What you have to do = Restate all of the entries exactly. Any picture in them should be skipped.

Dataset records =
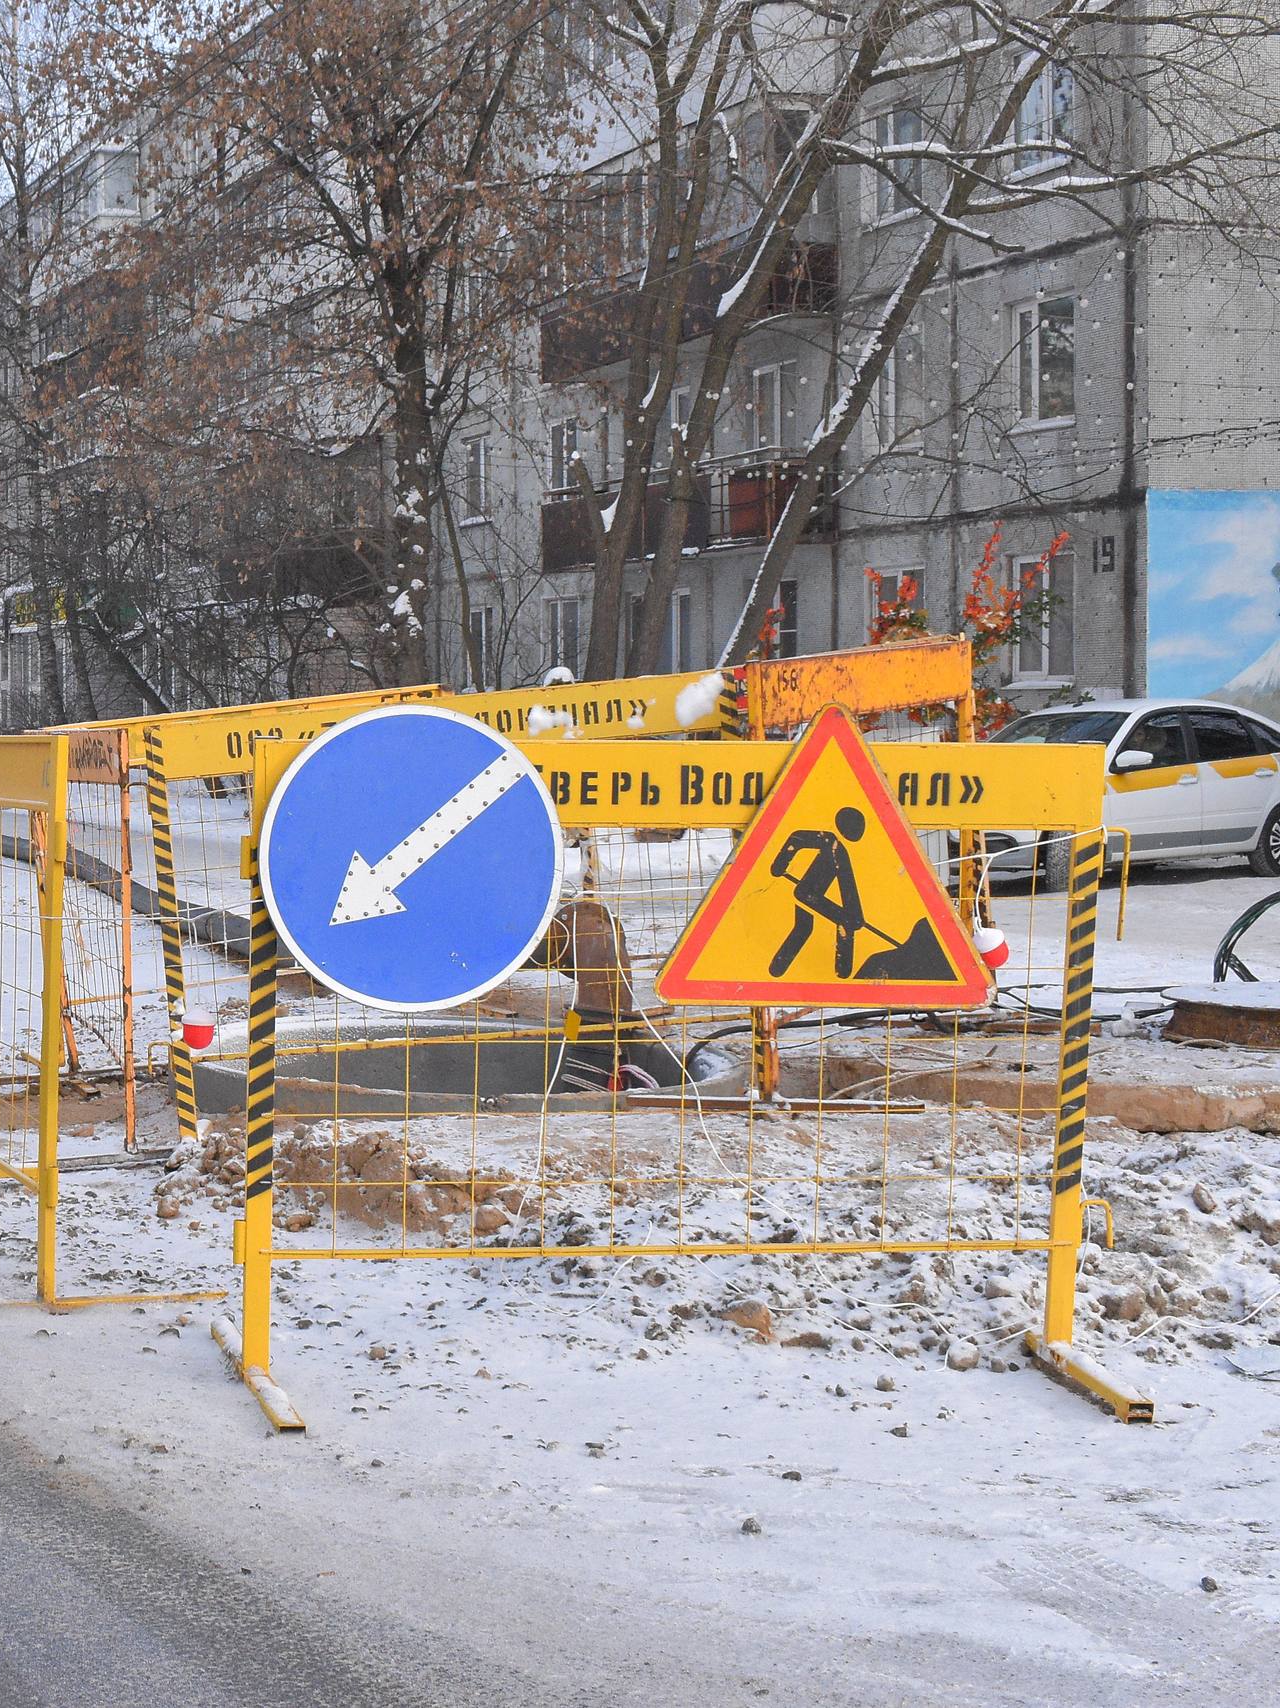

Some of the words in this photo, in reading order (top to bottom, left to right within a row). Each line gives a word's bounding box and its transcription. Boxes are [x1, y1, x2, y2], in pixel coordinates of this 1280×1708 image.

[1093, 536, 1115, 574] 19
[533, 765, 661, 806] ВЕРЬ
[680, 765, 984, 806] ВОДАЛ»
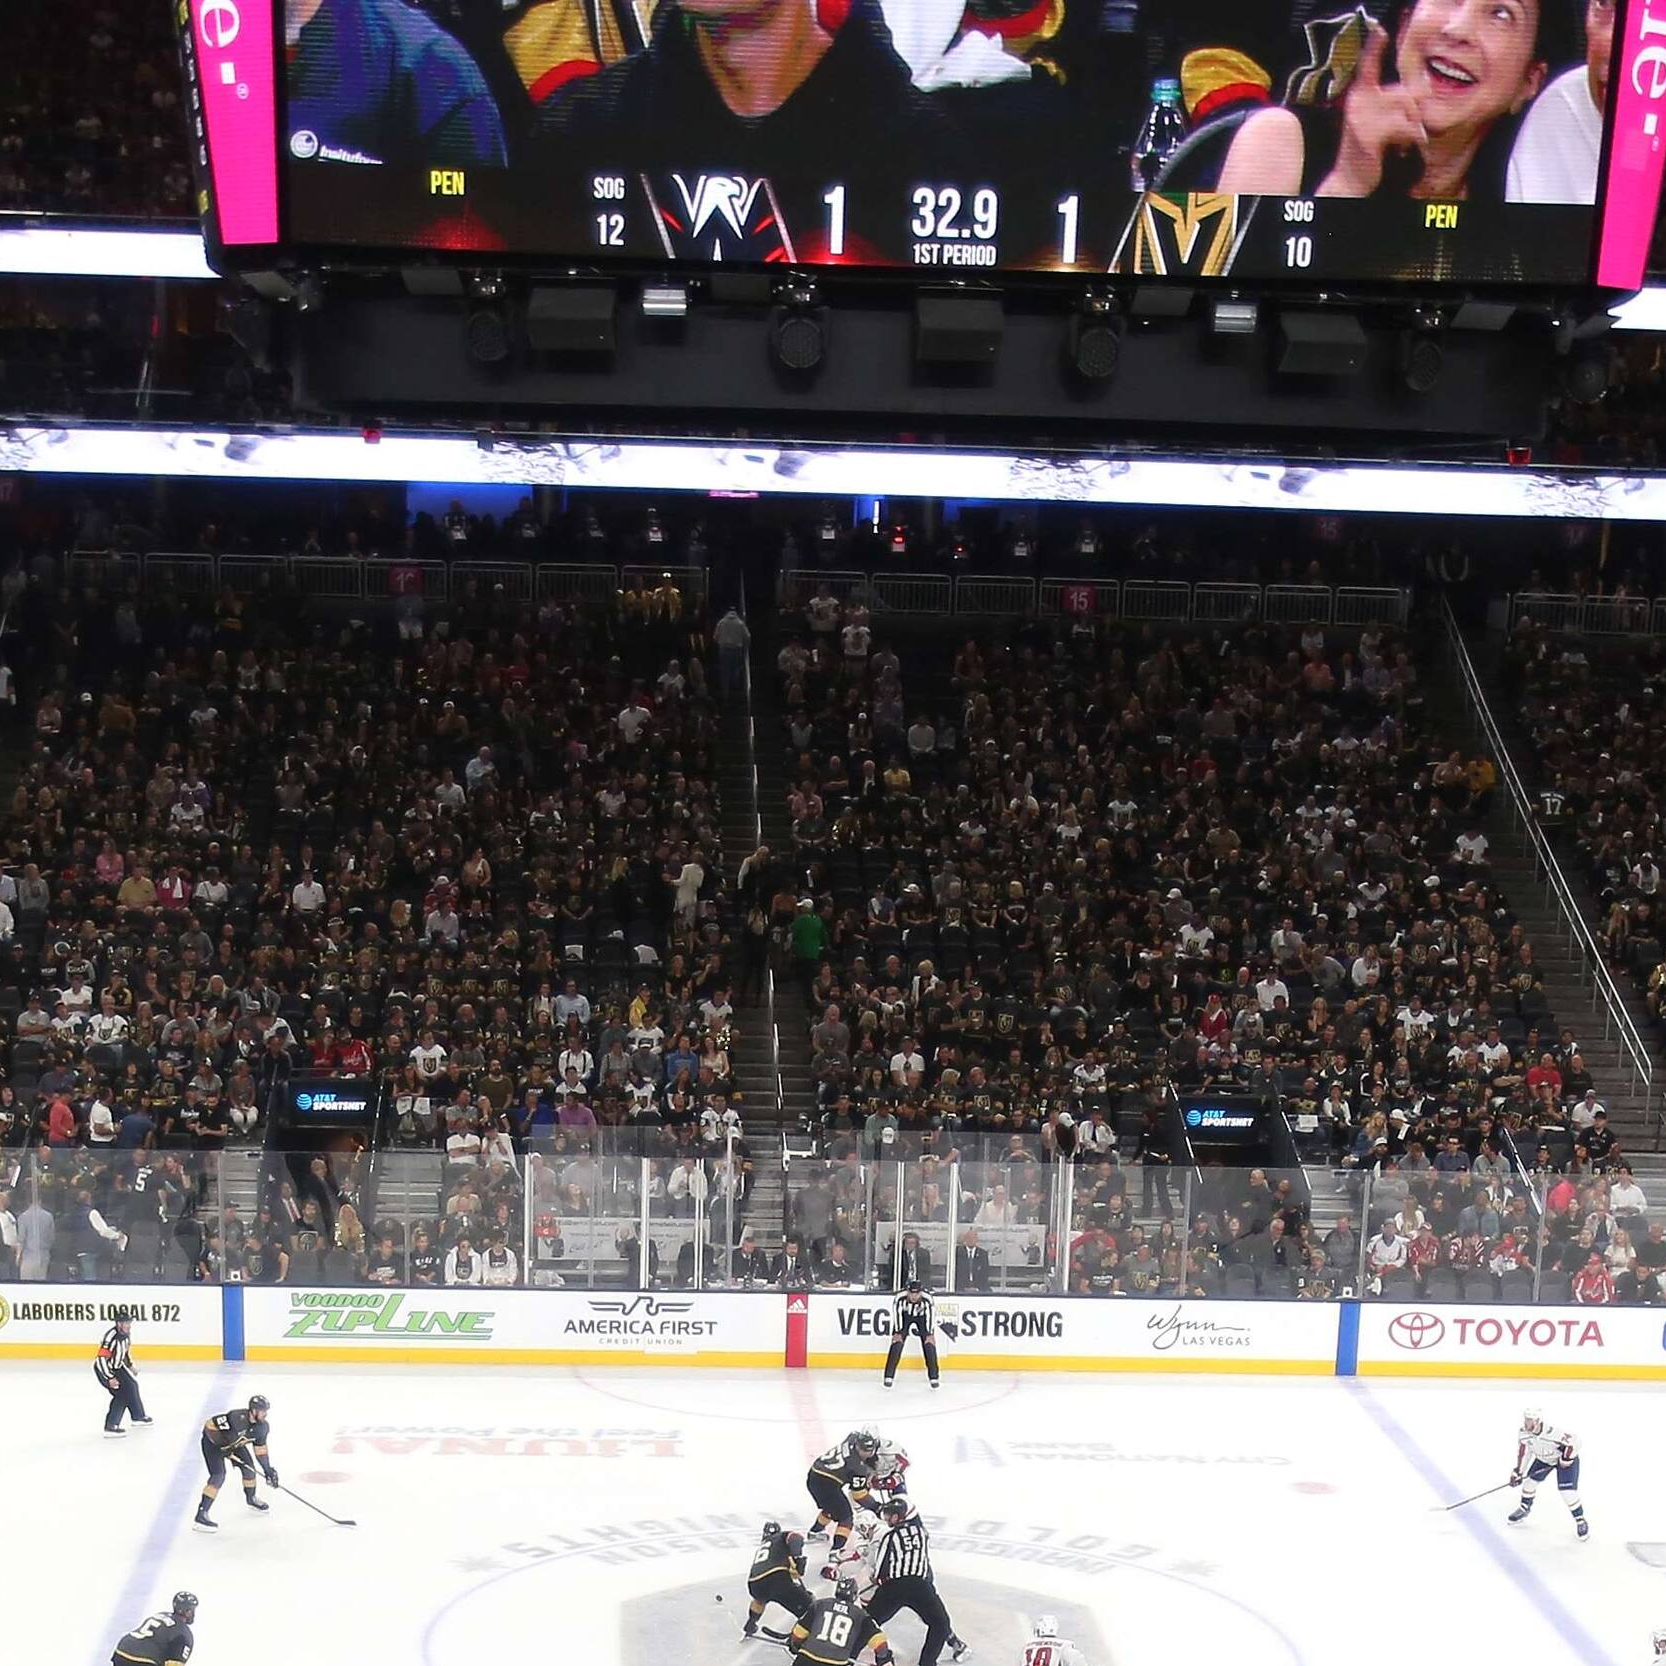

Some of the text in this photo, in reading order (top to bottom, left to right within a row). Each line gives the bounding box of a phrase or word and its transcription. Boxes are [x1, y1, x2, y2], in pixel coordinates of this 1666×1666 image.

[430, 170, 465, 196] PEN
[594, 177, 625, 199] SOG
[823, 185, 844, 255] 1
[912, 188, 997, 239] 32.9
[1284, 202, 1313, 222] SOG
[1425, 205, 1458, 229] PEN
[597, 215, 625, 246] 12
[1057, 195, 1079, 264] 1
[914, 244, 996, 266] 1ST PERIOD
[1285, 238, 1311, 268] 10
[1070, 590, 1089, 611] 15
[13, 1302, 95, 1321] LABORERS
[151, 1304, 181, 1322] 872
[290, 1293, 384, 1308] VOODOO
[563, 1319, 718, 1336] AMERICA FIRST
[960, 1310, 1063, 1338] STRONG
[1147, 1304, 1245, 1350] Wynn
[1453, 1318, 1605, 1347] TOYOTA
[647, 1338, 683, 1346] UNION
[1183, 1336, 1250, 1346] LAS VEGAS
[853, 1477, 866, 1488] 57
[817, 1609, 853, 1647] 18
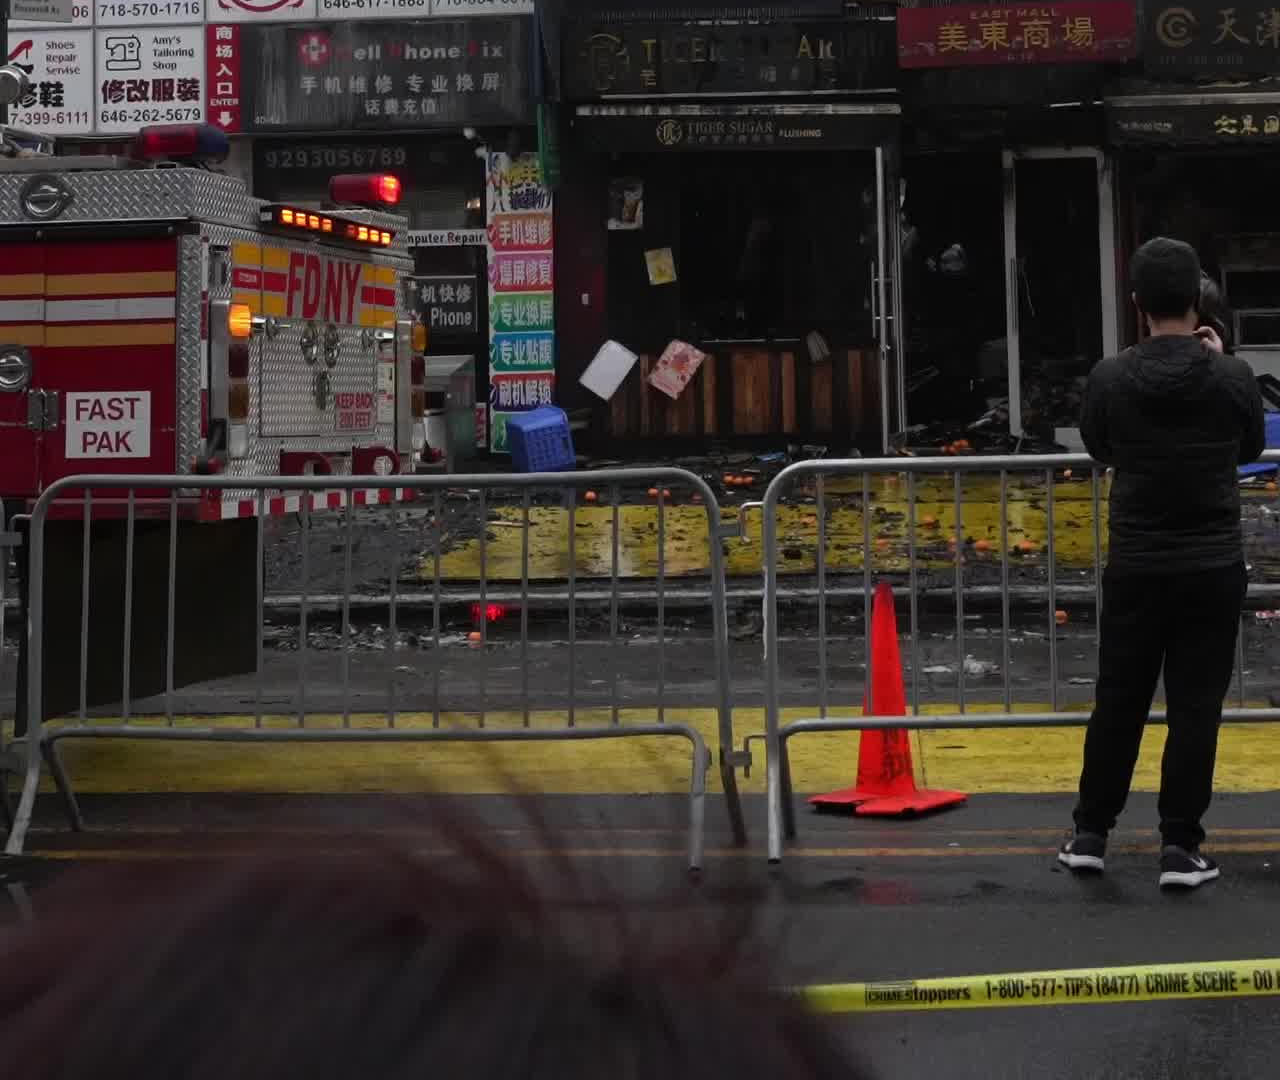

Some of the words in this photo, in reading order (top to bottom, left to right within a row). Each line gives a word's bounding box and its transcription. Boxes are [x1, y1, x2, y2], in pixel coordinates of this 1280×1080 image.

[99, 2, 200, 17] 718-570-1716
[152, 35, 182, 46] Amy's
[936, 16, 1095, 52] 美東商場
[46, 41, 75, 50] Shoes
[153, 48, 194, 58] Tailoring
[46, 53, 78, 64] Repair
[152, 61, 177, 71] Shop
[216, 26, 233, 95] 商场入口
[301, 75, 394, 94] 手机维修
[407, 73, 500, 92] 专业换屏
[210, 98, 239, 106] ENTER
[364, 99, 437, 115] 话费充值
[101, 108, 201, 123] 646-262-5679
[448, 232, 483, 245] Repair
[499, 223, 552, 246] 手机维修
[287, 251, 361, 324] FDNY
[431, 308, 472, 326] Phone
[336, 393, 355, 408] KEEP
[75, 398, 140, 421] FAST
[81, 431, 133, 454] PAK
[985, 975, 1093, 999] 1-800-577-TIPS
[1145, 972, 1189, 993] CRIME
[1193, 971, 1237, 992] SCENE
[1253, 970, 1272, 990] DO
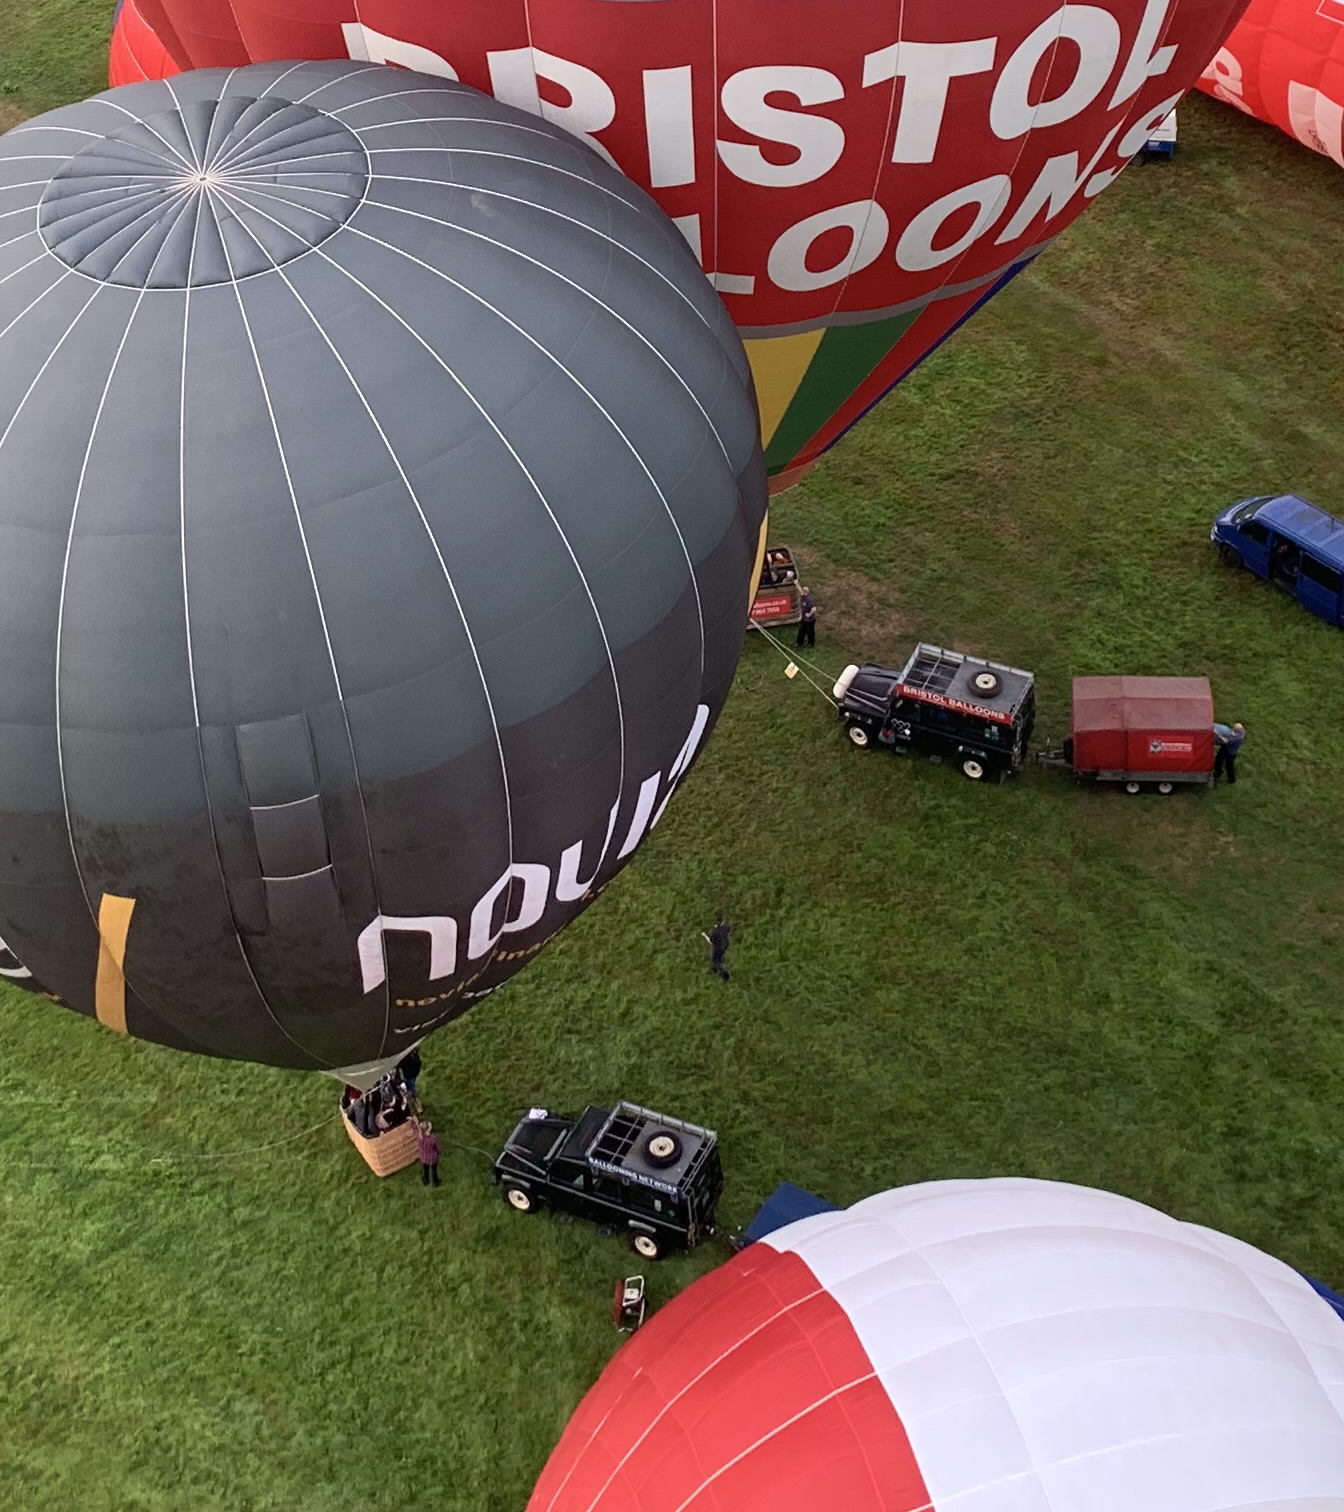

Result below =
Some of the words in this photo, in reading order (top to bottom, left to right within a row). Each line gives a word's bounding box and its transcription. Boxes are [x1, y1, x2, y2], in pixel coordinates of this 1280×1708 image.

[1093, 536, 1115, 574] 19
[533, 765, 661, 806] ВЕРЬ
[680, 765, 984, 806] ВОДАЛ»

Some of the text in this photo, in reading order (top to bottom, left to right within a row). Each line gives the bounding box of a phrase or word and its transcription. Boxes are [x1, y1, x2, y2], in pixel coordinates of this 1666×1666 image.

[430, 170, 465, 196] PEN
[594, 177, 625, 199] SOG
[823, 185, 844, 255] 1
[912, 188, 997, 239] 32.9
[1284, 202, 1313, 222] SOG
[1425, 205, 1458, 229] PEN
[597, 215, 625, 246] 12
[1057, 195, 1079, 264] 1
[914, 244, 996, 266] 1ST PERIOD
[1285, 238, 1311, 268] 10
[1070, 590, 1089, 611] 15
[13, 1302, 95, 1321] LABORERS
[151, 1304, 181, 1322] 872
[290, 1293, 384, 1308] VOODOO
[563, 1319, 718, 1336] AMERICA FIRST
[960, 1310, 1063, 1338] STRONG
[1147, 1304, 1245, 1350] Wynn
[1453, 1318, 1605, 1347] TOYOTA
[647, 1338, 683, 1346] UNION
[1183, 1336, 1250, 1346] LAS VEGAS
[853, 1477, 866, 1488] 57
[817, 1609, 853, 1647] 18

Some of the words in this photo, in reading order (top to bottom, left to right within a row). Each line gives a word's bounding box and its transcription. Boxes are [x1, y1, x2, y2], in pixel coordinates of this 1280×1080 image.

[99, 2, 200, 17] 718-570-1716
[152, 35, 182, 46] Amy's
[936, 16, 1095, 52] 美東商場
[46, 41, 75, 50] Shoes
[153, 48, 194, 58] Tailoring
[46, 53, 78, 64] Repair
[152, 61, 177, 71] Shop
[216, 26, 233, 95] 商场入口
[301, 75, 394, 94] 手机维修
[407, 73, 500, 92] 专业换屏
[210, 98, 239, 106] ENTER
[364, 99, 437, 115] 话费充值
[101, 108, 201, 123] 646-262-5679
[448, 232, 483, 245] Repair
[499, 223, 552, 246] 手机维修
[287, 251, 361, 324] FDNY
[431, 308, 472, 326] Phone
[336, 393, 355, 408] KEEP
[75, 398, 140, 421] FAST
[81, 431, 133, 454] PAK
[985, 975, 1093, 999] 1-800-577-TIPS
[1145, 972, 1189, 993] CRIME
[1193, 971, 1237, 992] SCENE
[1253, 970, 1272, 990] DO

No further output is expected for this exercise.